Generation of Long-Acting Coagulation Factor VIII for the Treatment of Haemophilia A

Background: Haemophilia A is an X-linked bleeding disorder resulting from dysregulation of clotting factor VIII (FVIII) during haemostasis. Predominant mode of treatment is by replacement therapy with recombinant FVIII (rFVIII) on demand or as a prophylaxis (Berntorp et al., 2003, Gouider et al., 2015). While there are a number of rFVIII products either in development or recently licensed with delayed clearance, none have a plasma half-life of >1.6 times that of native FVIII due to the dominant influence of von Willebrand factor (VWF) as all current commercial rFVIII products depend on binding to VWF for intravascular stability. However, the interaction facilitates plasma clearance via the VWF-mediated pathway, thus limiting the plasma half-life (Fischer et al., 2009). Here, a new technology for generating a long-acting rFVIII that functions independent of VWF was investigated.
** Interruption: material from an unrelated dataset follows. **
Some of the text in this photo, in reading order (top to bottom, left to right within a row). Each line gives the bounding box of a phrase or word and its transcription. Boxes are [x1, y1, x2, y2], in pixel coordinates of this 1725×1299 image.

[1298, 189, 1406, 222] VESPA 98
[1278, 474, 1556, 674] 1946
Objective: To develop a novel longer acting FVIII with a limited interaction with VWF and an extended plasma half-life via a fusion of rFVIII with an inactivated rFIX.
Hypothesis: The fusion of FVIII to inactive FIX will create steric hindrance for binding to VWF and FVIII clearance receptors and thereby delay the in vivo clearance of FVIII.
Methods: Two novel rFVIII molecules were generated by fusion of FVIII to an inactivated factor IX designated 13A1FVIII and 13B1FVIII. Both FVIII fusions were cloned and expressed in mammalian cells (CHO Flp-In and HEK293c18), protein expression was confirmed by Western blotting and biological activity assessed in a chromogenic assay. In vitro haemostatic potential of the lead FVIII-fusion (13A1FVIII) was evaluated in an activated partial thromboplastin time (aPTT) and thrombin generation (TGA) assays while the in vivo efficacy was assessed in a tail vein transection (TVT) bleeding model. The plasma clearance was assessed in both a preliminary and repeat PK/PD studies in VWF/FVIII double knock out mice and FVIII single knockout mice relative to Advate FVIII.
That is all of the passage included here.